Dataset records below:

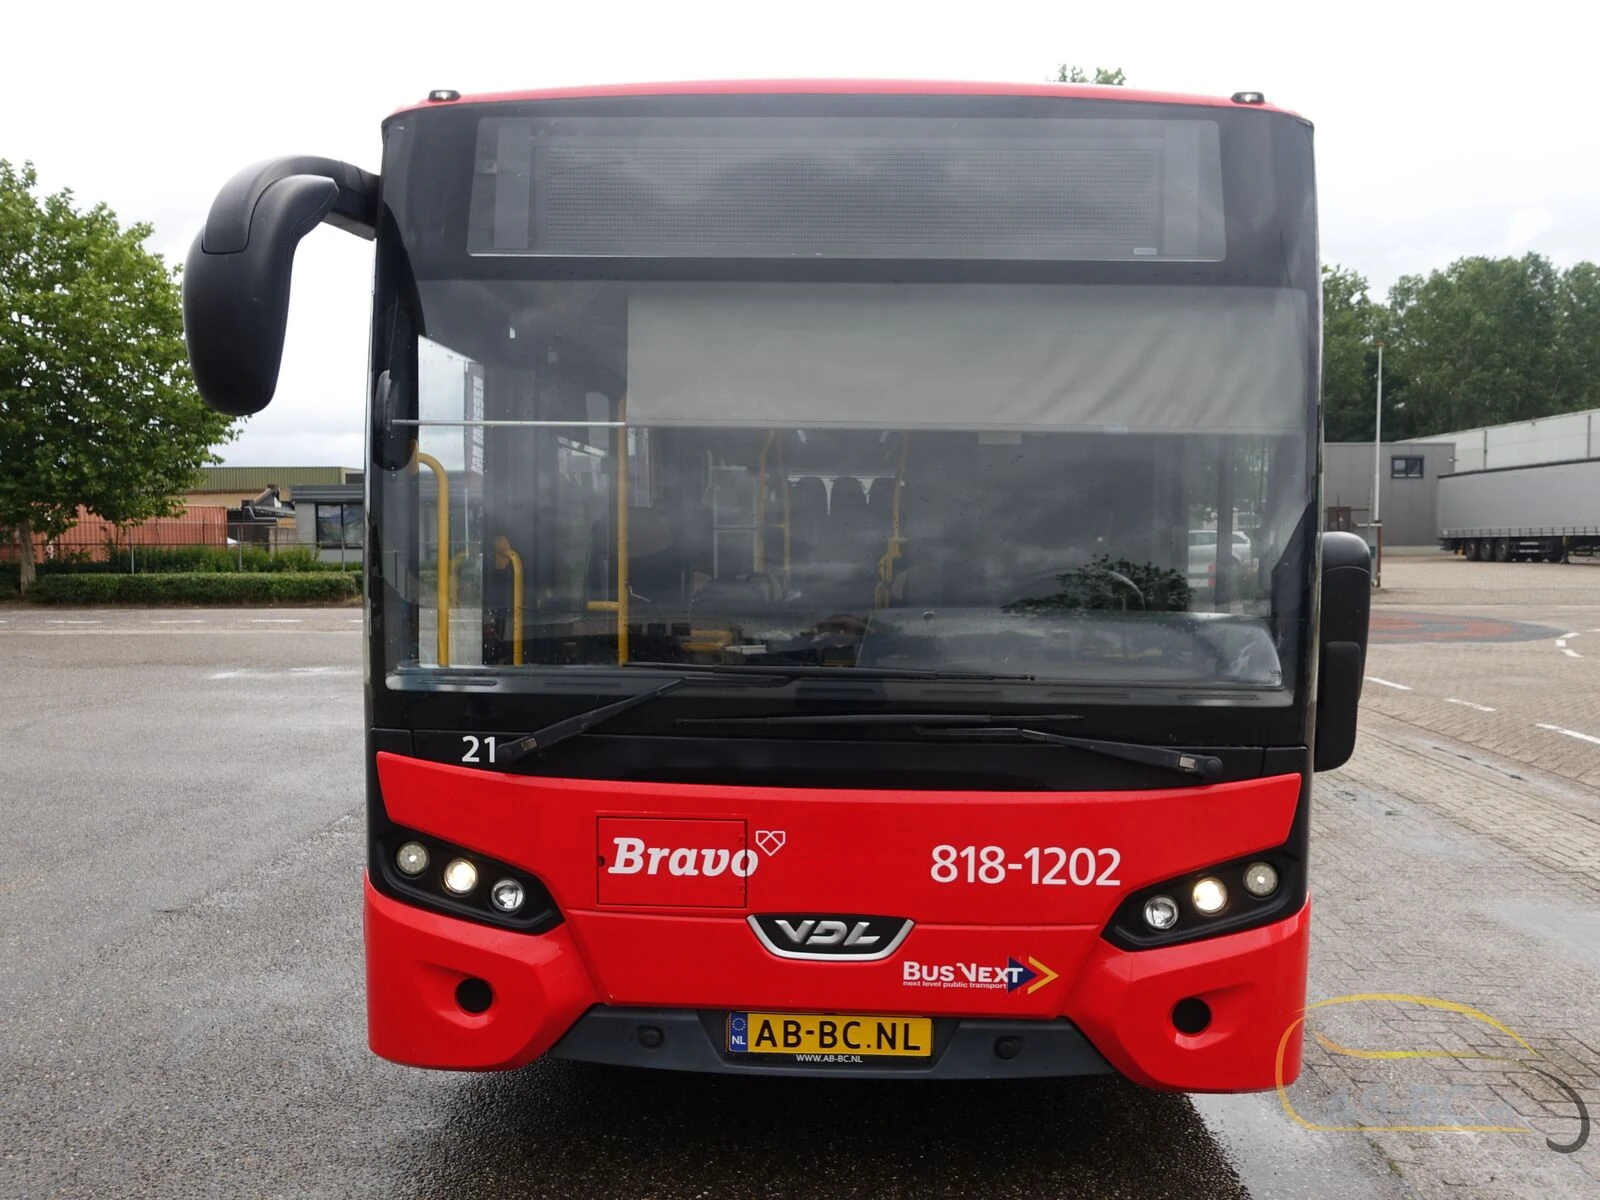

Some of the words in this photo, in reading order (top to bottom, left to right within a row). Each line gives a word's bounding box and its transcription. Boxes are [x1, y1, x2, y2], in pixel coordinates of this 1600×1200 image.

[462, 735, 495, 763] 21
[607, 837, 759, 878] Bravo
[930, 844, 1121, 886] 818-1202
[774, 919, 881, 946] VDL
[732, 1035, 746, 1045] NL
[755, 1019, 921, 1051] AB-BC.NL
[796, 1054, 863, 1063] WWW.AB-BC.NL

End of Dataset records.

§ **Try it**
Retype the entries verbatim and drop the pictures.

§ **Response below**
Some of the words in this photo, in reading order (top to bottom, left to right within a row). Each line gives a word's bounding box and its transcription. Boxes are [x1, y1, x2, y2], in pixel coordinates of this 1600×1200 image.

[462, 735, 495, 763] 21
[607, 837, 759, 878] Bravo
[930, 844, 1121, 886] 818-1202
[774, 919, 881, 946] VDL
[732, 1035, 746, 1045] NL
[755, 1019, 921, 1051] AB-BC.NL
[796, 1054, 863, 1063] WWW.AB-BC.NL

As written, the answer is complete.